He is also working on a new venture with the godmother of fashion, Fern Mallis, the award-winning creator of New York Fashion Week. Devoted to promoting fashion as an artistic and cultural endeavor around the world, Fern and Andy are putting their heads and hearts together as they brainstorm ideas for a fundraising fashion gala that will celebrate heritage designers like Ralph Lauren, Calvin Klein, Donna Karan, Tom Brown and other fashion icons. This event, he believes, will not only redefine red carpet runway events, but is destined to make sustainability a major driver in the fashion industry. Excited to give new life to timeless fashions that truly shaped the industry, Andy looks forward to seeing event attendees dress amazingly using recycled material.

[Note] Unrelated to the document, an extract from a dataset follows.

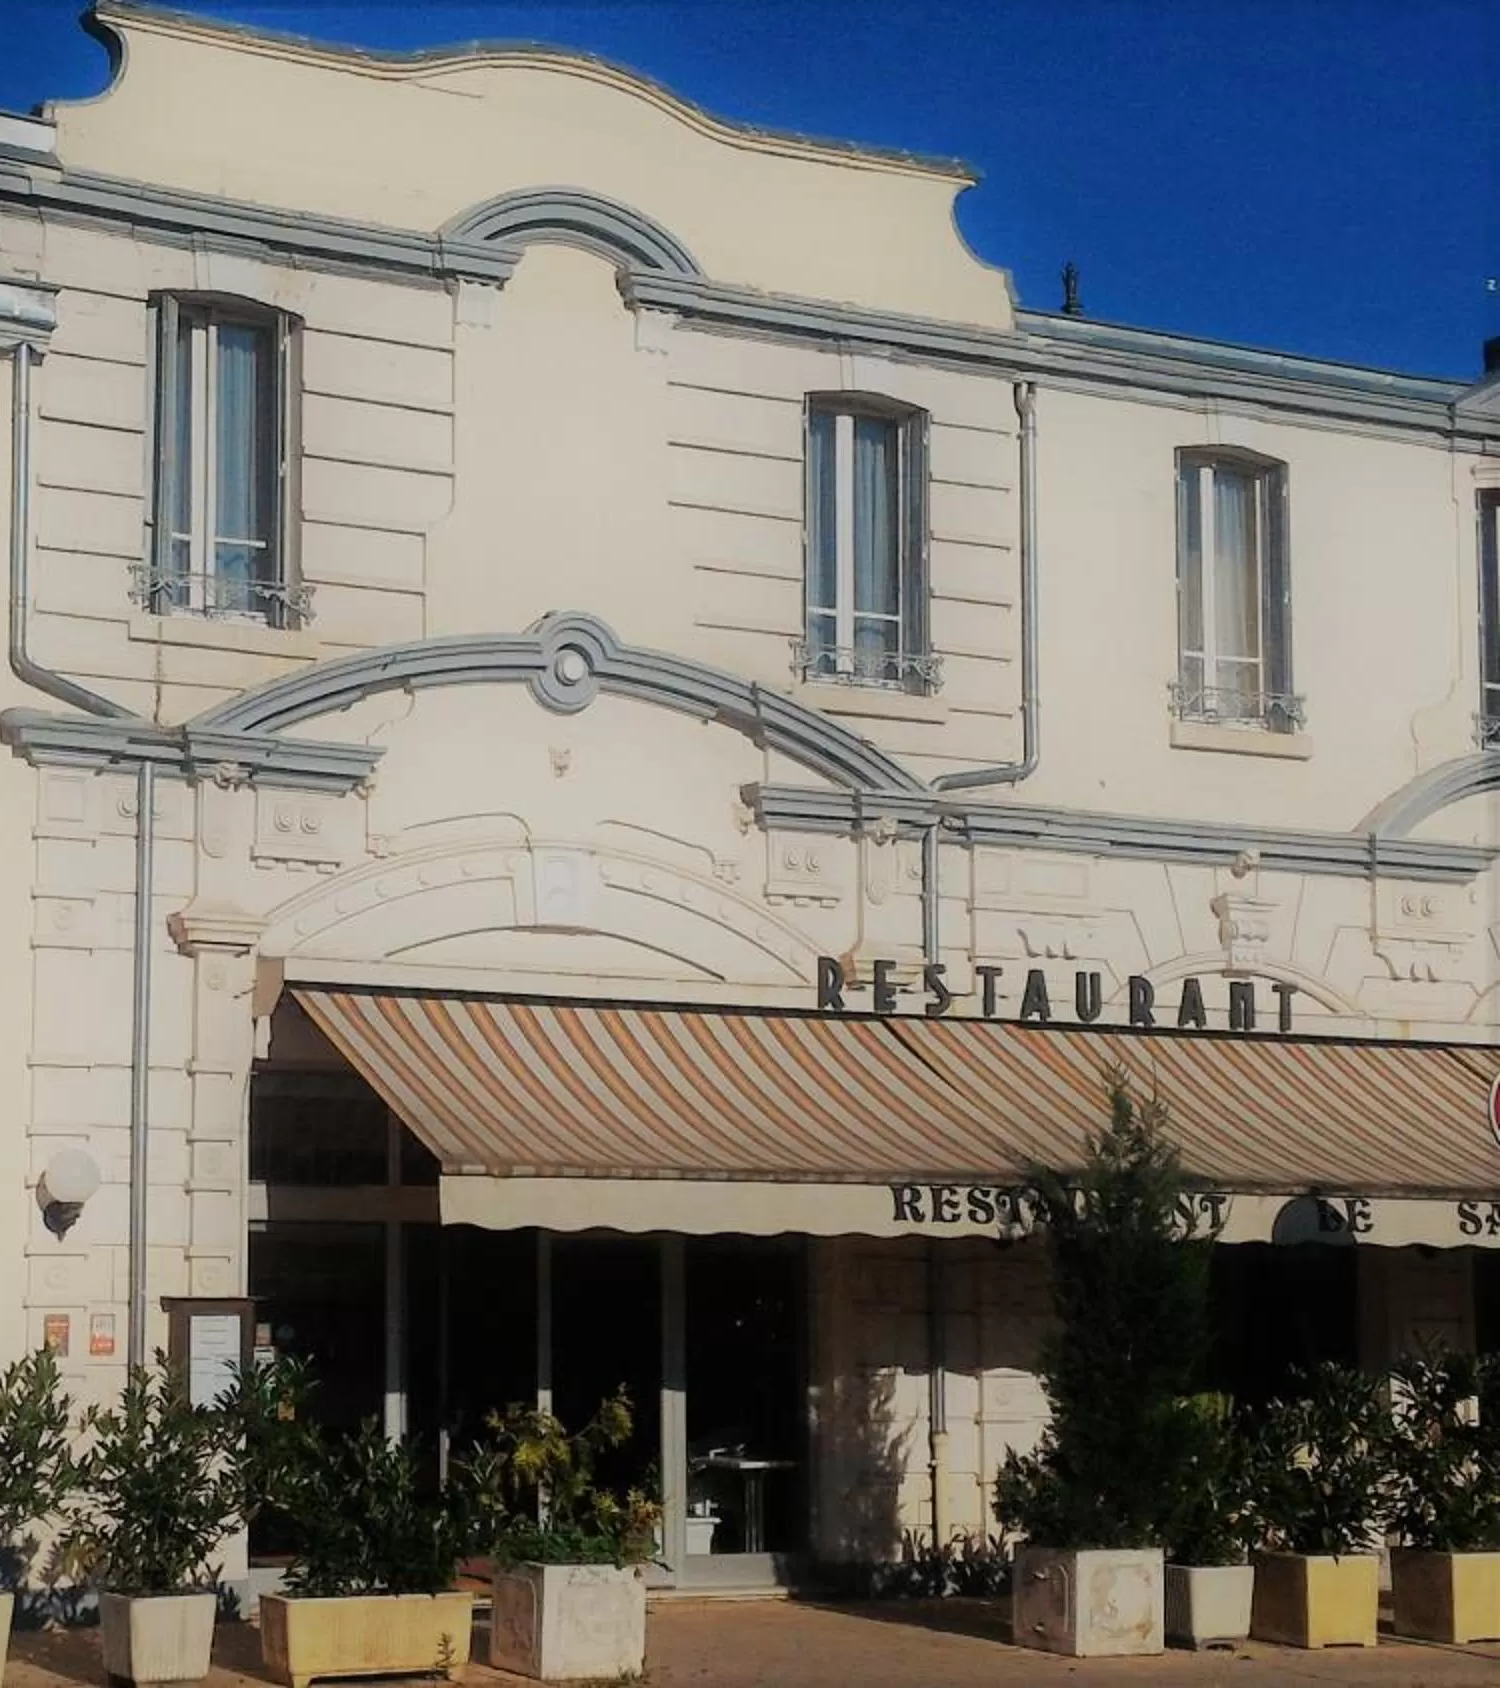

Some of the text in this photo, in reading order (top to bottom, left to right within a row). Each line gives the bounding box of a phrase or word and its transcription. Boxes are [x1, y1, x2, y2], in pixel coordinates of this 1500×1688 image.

In concert with the gala, he is also establishing a foundation designed to empower more women to make it in the fashion industry with scholarships, training and career help, and will be recognizing women who have made a difference in fashion with a special honor that will be revealed during the gala event. All told, it underscores Andy’s belief in honoring people, past and present, who aspire to create a future filled with promise and passion, for themselves and for the good of others as well.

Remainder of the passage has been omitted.